▽
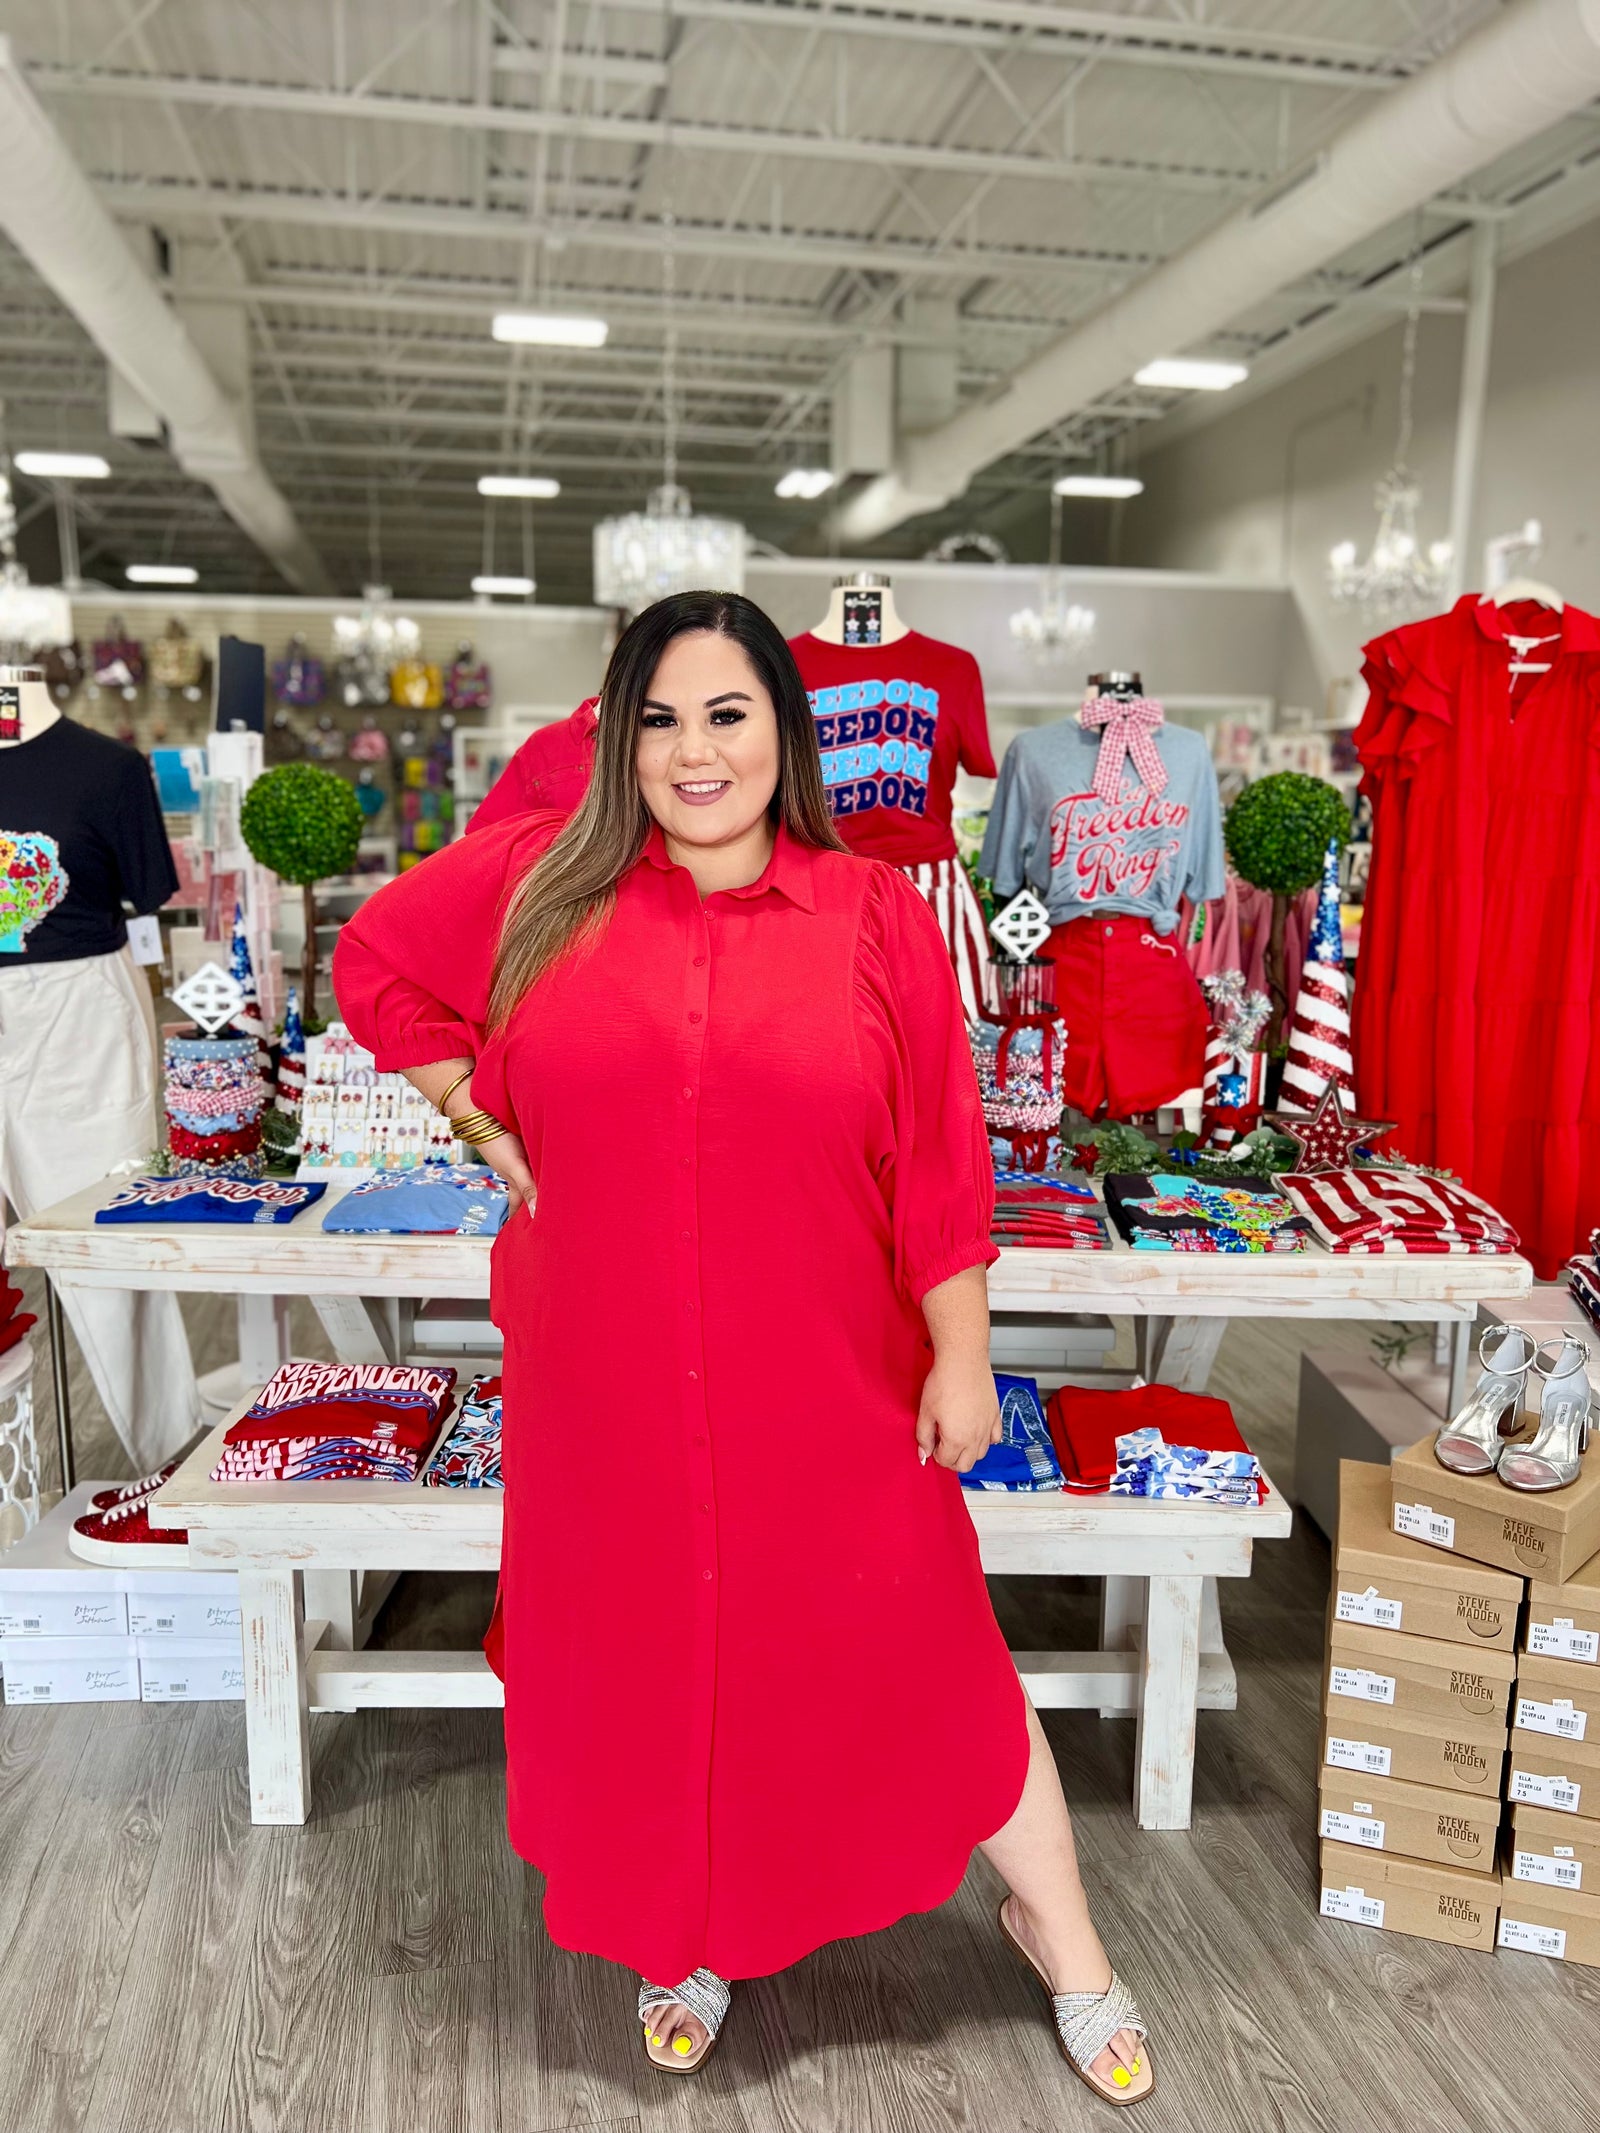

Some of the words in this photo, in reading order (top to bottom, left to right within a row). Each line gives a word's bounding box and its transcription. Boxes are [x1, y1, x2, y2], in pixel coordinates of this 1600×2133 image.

[806, 679, 939, 717] EEDOM
[815, 706, 937, 749] EEDOM
[1050, 790, 1189, 868] Freedom
[1076, 836, 1180, 901] Ring
[257, 1365, 448, 1410] NDEPENDENC
[1503, 1518, 1535, 1539] STEVE
[1502, 1531, 1545, 1553] MADDEN
[1457, 1595, 1490, 1611] STEVE
[1456, 1606, 1500, 1624] MADDEN
[1450, 1671, 1483, 1688] STEVE
[1449, 1681, 1494, 1701] MADDEN
[1522, 1703, 1535, 1711] ELLA
[1444, 1740, 1477, 1757] STEVE
[1443, 1751, 1487, 1770] MADDEN
[1438, 1815, 1470, 1832] STEVE
[1437, 1825, 1480, 1844] MADDEN
[1438, 1895, 1471, 1911] STEVE
[1437, 1905, 1481, 1924] MADDEN
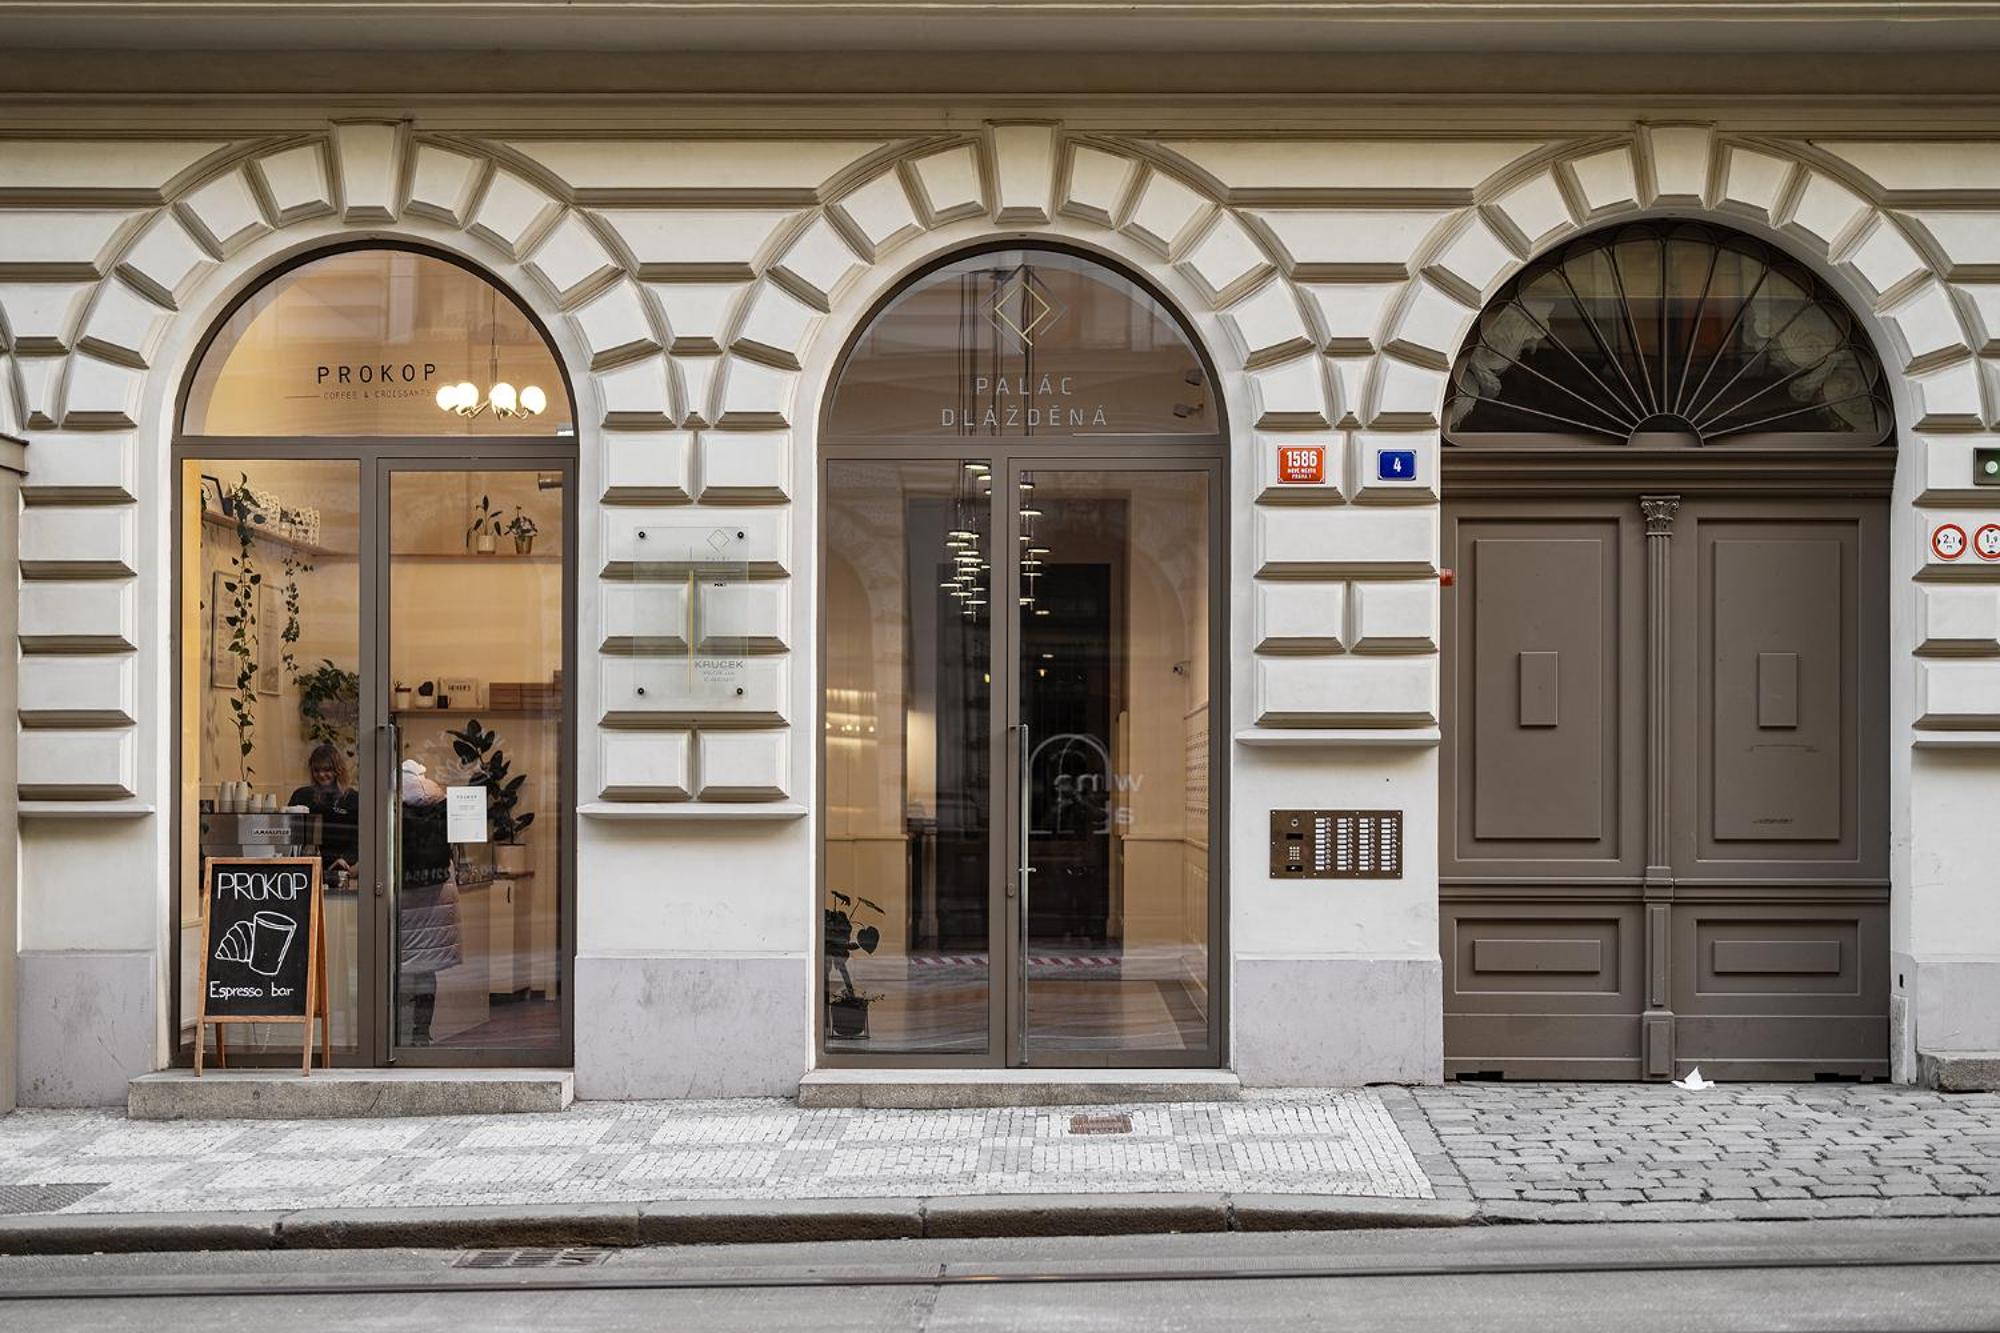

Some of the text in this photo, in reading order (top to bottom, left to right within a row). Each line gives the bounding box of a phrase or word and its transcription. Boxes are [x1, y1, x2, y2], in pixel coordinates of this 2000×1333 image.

[317, 363, 436, 384] PROKOP
[976, 374, 1073, 396] PALÁC
[942, 404, 1107, 426] DLÁŽDĚNÁ
[1286, 451, 1318, 467] 1586
[1393, 457, 1401, 472] 4
[217, 873, 308, 901] PROKOP
[209, 981, 295, 1000] Espresso bar
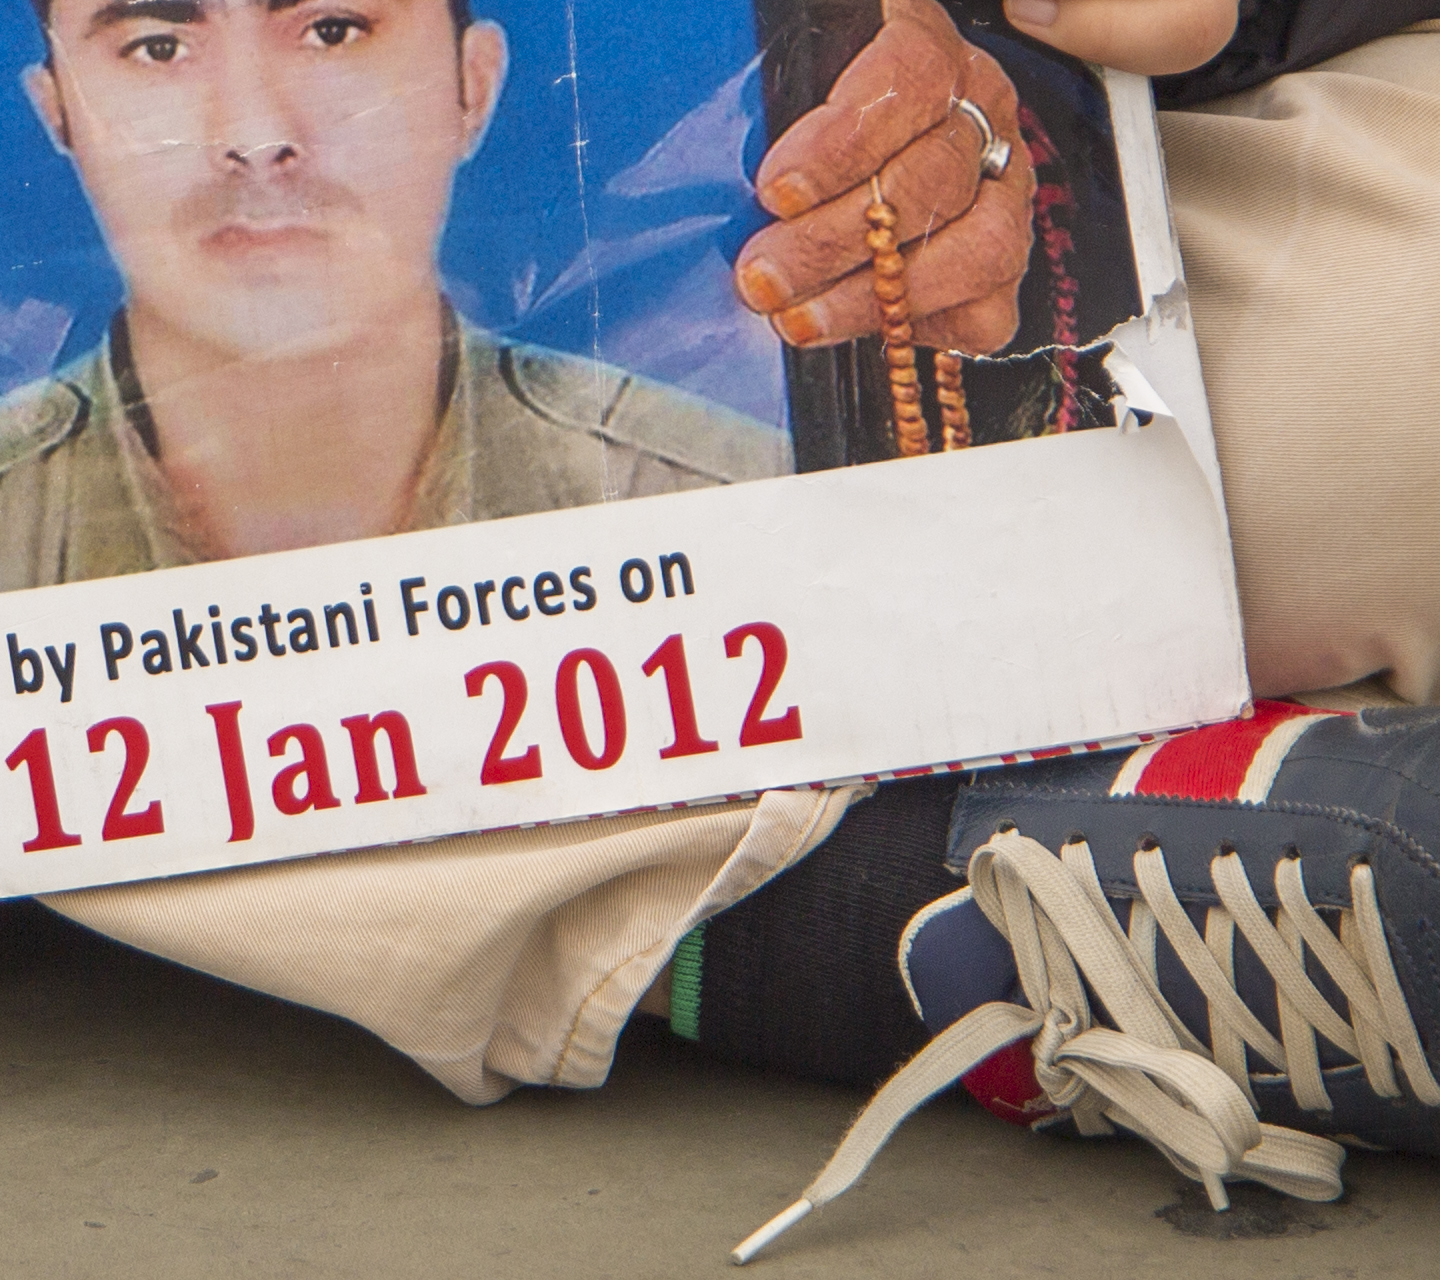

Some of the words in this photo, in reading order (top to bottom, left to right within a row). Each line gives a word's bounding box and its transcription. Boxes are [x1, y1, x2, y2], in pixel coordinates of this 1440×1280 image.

[6, 630, 78, 703] by
[100, 580, 381, 683] Pakistani
[401, 573, 599, 637] Forces
[618, 550, 696, 600] on
[4, 718, 167, 855] 12
[204, 698, 429, 845] Jan
[463, 620, 805, 788] 2012
△
- _TASK BRIEF_
All of the entries above are to be duplicated exactly, with every image left out.

- _WRITTEN RESPONSE_
Some of the words in this photo, in reading order (top to bottom, left to right within a row). Each line gives a word's bounding box and its transcription. Boxes are [x1, y1, x2, y2], in pixel coordinates of this 1600×2133 image.

[806, 679, 939, 717] EEDOM
[815, 706, 937, 749] EEDOM
[1050, 790, 1189, 868] Freedom
[1076, 836, 1180, 901] Ring
[257, 1365, 448, 1410] NDEPENDENC
[1503, 1518, 1535, 1539] STEVE
[1502, 1531, 1545, 1553] MADDEN
[1457, 1595, 1490, 1611] STEVE
[1456, 1606, 1500, 1624] MADDEN
[1450, 1671, 1483, 1688] STEVE
[1449, 1681, 1494, 1701] MADDEN
[1522, 1703, 1535, 1711] ELLA
[1444, 1740, 1477, 1757] STEVE
[1443, 1751, 1487, 1770] MADDEN
[1438, 1815, 1470, 1832] STEVE
[1437, 1825, 1480, 1844] MADDEN
[1438, 1895, 1471, 1911] STEVE
[1437, 1905, 1481, 1924] MADDEN

Some of the text in this photo, in reading order (top to bottom, left to right within a row). Each line gives the bounding box of a phrase or word and its transcription. Boxes are [x1, y1, x2, y2], in pixel coordinates of this 2000×1333 image.

[317, 363, 436, 384] PROKOP
[976, 374, 1073, 396] PALÁC
[942, 404, 1107, 426] DLÁŽDĚNÁ
[1286, 451, 1318, 467] 1586
[1393, 457, 1401, 472] 4
[217, 873, 308, 901] PROKOP
[209, 981, 295, 1000] Espresso bar

Some of the words in this photo, in reading order (top to bottom, left to right within a row). Each line gives a word's bounding box and its transcription. Boxes are [x1, y1, x2, y2], in pixel coordinates of this 1440×1280 image.

[6, 630, 78, 703] by
[100, 580, 381, 683] Pakistani
[401, 573, 599, 637] Forces
[618, 550, 696, 600] on
[4, 718, 167, 855] 12
[204, 698, 429, 845] Jan
[463, 620, 805, 788] 2012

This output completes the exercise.